SfColA ORF023 and ORF024 transcription studies
Reverse transcription-PCR assays were performed to determine SfColA ORF023 and ORF024 transcription activities. Forty five S. frugiperda second-instar larvae were kept fasting for 8 to 12 h at 26 °C and then allowed to drink from an aqueous suspension containing 10 % (wt/vol) sucrose, 0.001 % (wt/vol) Fluorella blue, and 1x107 OBs/mL. Larvae that ingested the suspension within 10 min were then transferred to individual plastic cups with semisynthetic diet. Total RNA was extracted from two infected larvae at 0, 2, 4, 6, 12, 24, 48, 72, 96, 120 and 144 hpi using TRIzol reagent (Invitrogen), as described in the manufacturers’ protocol. RNA samples were then treated with RNase free DNase (Promega) prior to ensuring the absence of contaminant DNA. First strand cDNA synthesis was done using reverse transcriptase (Promega) and oligo-dT primer. The resulting cDNAs were amplified by PCR with specific primers: Sf23.1 (5′ GCTTGTGCGTTGTCGTTGAT 3′) and Sf23.2 (5′ TTGTAGTCGACTCGGTCCCA 3′) for ORF023; Sf24.1 (5′ TCGTCGGCATCATACTGCTC 3′) and Sf24.2 (5′ CACGTTCGCATGGTTTTCGT 3′) for ORF024; Sfpolh.1 (5′ TTGCGACCCTGACTACGTTC 3′) and Sfpolh.2 (5′ ACGAGCGACAGTTCAAGGAG 3′) for the very late transcribed polyhedrin gene (polh); Sfie-0.1 (5′ CATTTGCCAAGAGAGCAGCG 3′) and Sfie-0.2 (5′ TTTAGCGGCAGTGGGAGTTT 3′) for the early transcribed ie-o gene. The amplification products were resolved in 1 % agarose gels and visualized with ethidium bromide and UV exposure.

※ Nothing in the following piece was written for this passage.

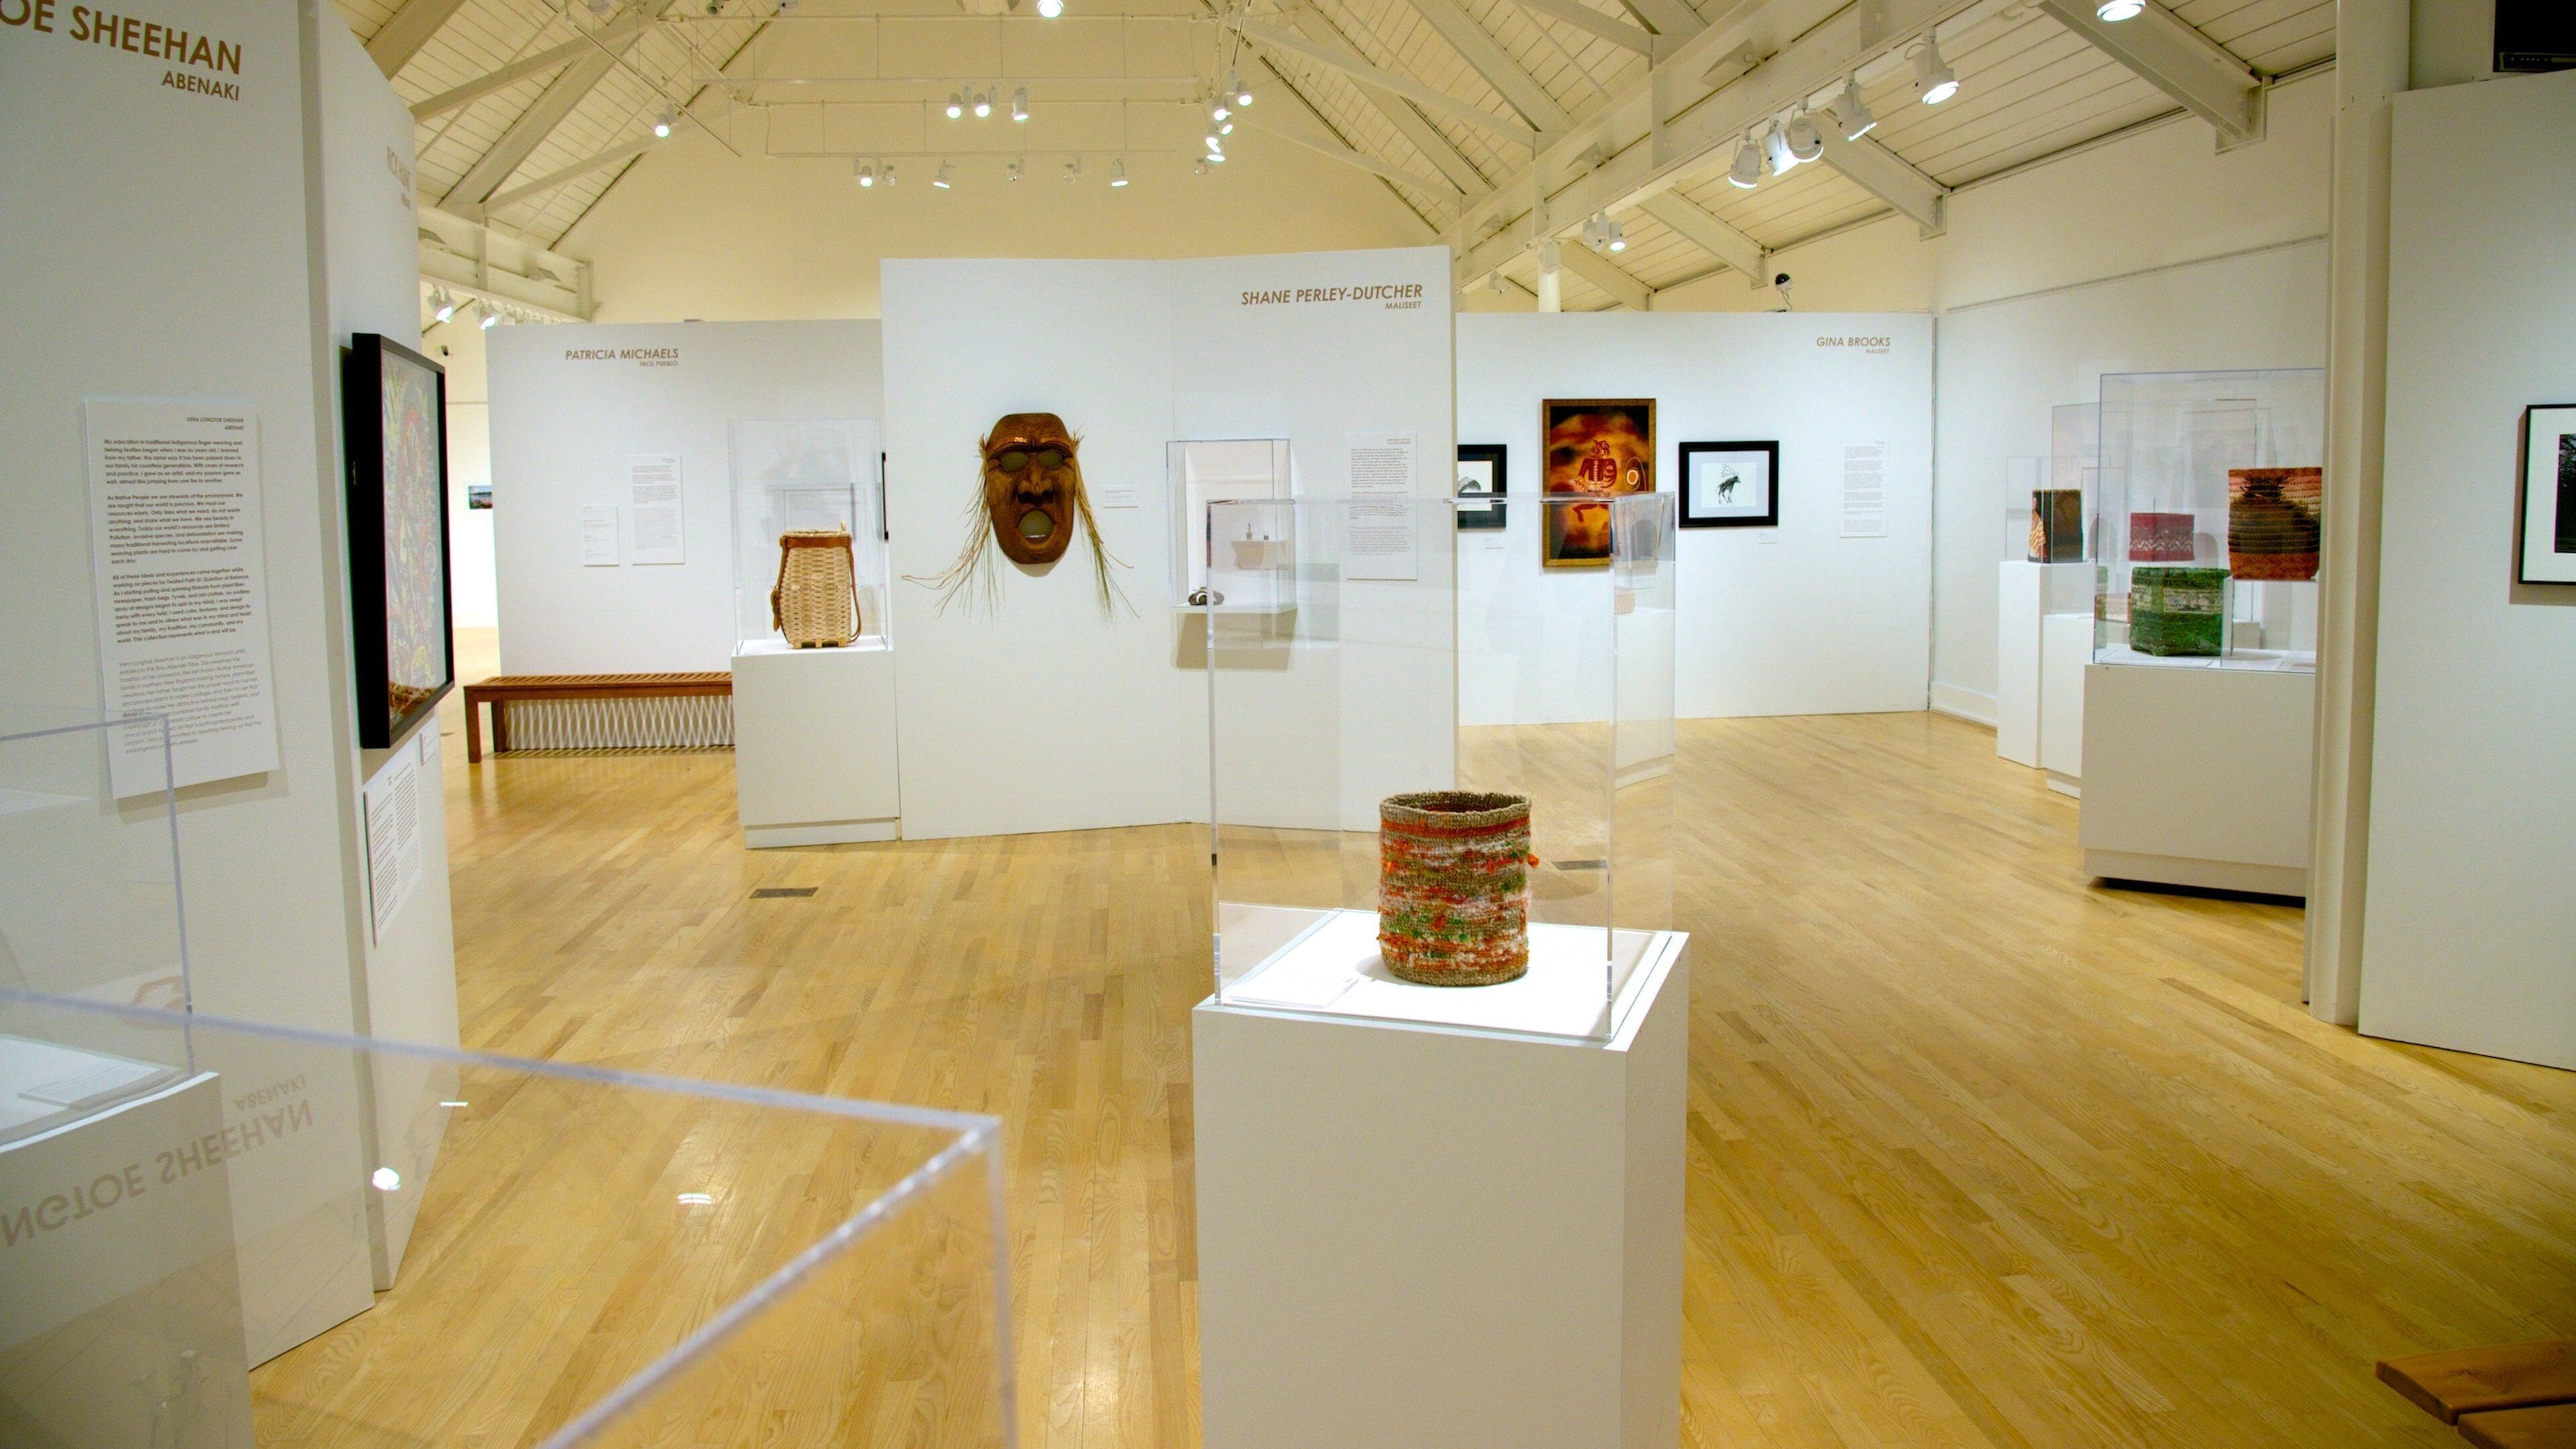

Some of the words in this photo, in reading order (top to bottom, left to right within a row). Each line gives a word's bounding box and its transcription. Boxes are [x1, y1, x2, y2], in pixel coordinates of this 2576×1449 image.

Characterization of SfColA ORF023 and ORF024 proteins
Different bioinformatics tools were used for determining the nature of SfColA ORF023 and ORF024 proteins. Hydrophobicity profiles were constructed using a sliding windows strategy (window = 21 amino acids; sliding 1 residue each time). Several hydrophobicity scales were assayed [43–47]. The presence of signal peptides was assessed by using SignalP (http://www.cbs.dtu.dk/services/SignalP/; ). Putative functions were predicted using the HHpred server (http://toolkit.lmb.uni-muenchen.de/hhpred; ). Secondary and tertiary structures were predicted using the LOcal MEta-Threading-Server (LOMETS; http://zhanglab.ccmb.med.umich.edu/LOMETS; ) and the I-TASSER server (http://zhanglab.ccmb.med.umich.edu/I-TASSER; ). SfColA ORF023 secondary and tertiary structures were also predicted using the QUARK (http://zhanglab.ccmb.med.umich.edu/QUARK; ) ab initio prediction server. Post-translational modifications were predicted by the INTERPROSCAN tool (http://www.ebi.ac.uk/interpro/; ).

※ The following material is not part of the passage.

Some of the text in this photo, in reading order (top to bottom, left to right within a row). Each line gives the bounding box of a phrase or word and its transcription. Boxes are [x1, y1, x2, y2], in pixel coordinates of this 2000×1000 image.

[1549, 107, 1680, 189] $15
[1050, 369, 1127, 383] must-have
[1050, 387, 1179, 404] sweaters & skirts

The SfColA genome and gene content
Five genomes have been sequenced to date from baculoviruses isolated from Spodoptera frugiperda: 4 alphabaculoviruses (SfMNPV 3AP2, SfMNPV NicB, SfMNPV NicG, SfMNPV 19) and 1 betabaculovirus (SpfrGV) (Table 1). The aforementioned polyhedroviruses were sequenced using a molecular cloning strategy followed by an automated Sanger’s method; only the granulovirus involved using next generation-sequencing (NGS) . The Colombian isolate’s (SfCol) SfColA genotypic variant was molecularly characterized in view of its interesting biological properties to complete the study of the baculovirus group naturally infecting the armyworm and to provide extra information about baculovirus evolution. This genome (GenBank: KF891883) consisted of 134,239 bp, and was covered 64 times by 454 sequencing, this being the first Spodoptera frugiperda alphabaculovirus studied by the NGS approach. Its size was revealed to be the largest regarding previously reported genomes where SfMNPV-NicB (132,954 bp) was the previous head of the ranking. Group II alphabaculoviruses have a broad range of A + T content [42.53 % in Lymantria dispar MNPV  to 66.64 % in Apocheima cinerarium NPV (unpublished data)]. SfColA had 59.66 %, thereby agreeing with data published for the other Spodoptera frugiperda nucleopolyhedrovirus [SfNicB 59.72 %, SfMNPV-19 (Sf19) 59.74 %, and SfMNPV-3AP2 (Sf3AP2) 59.75 %].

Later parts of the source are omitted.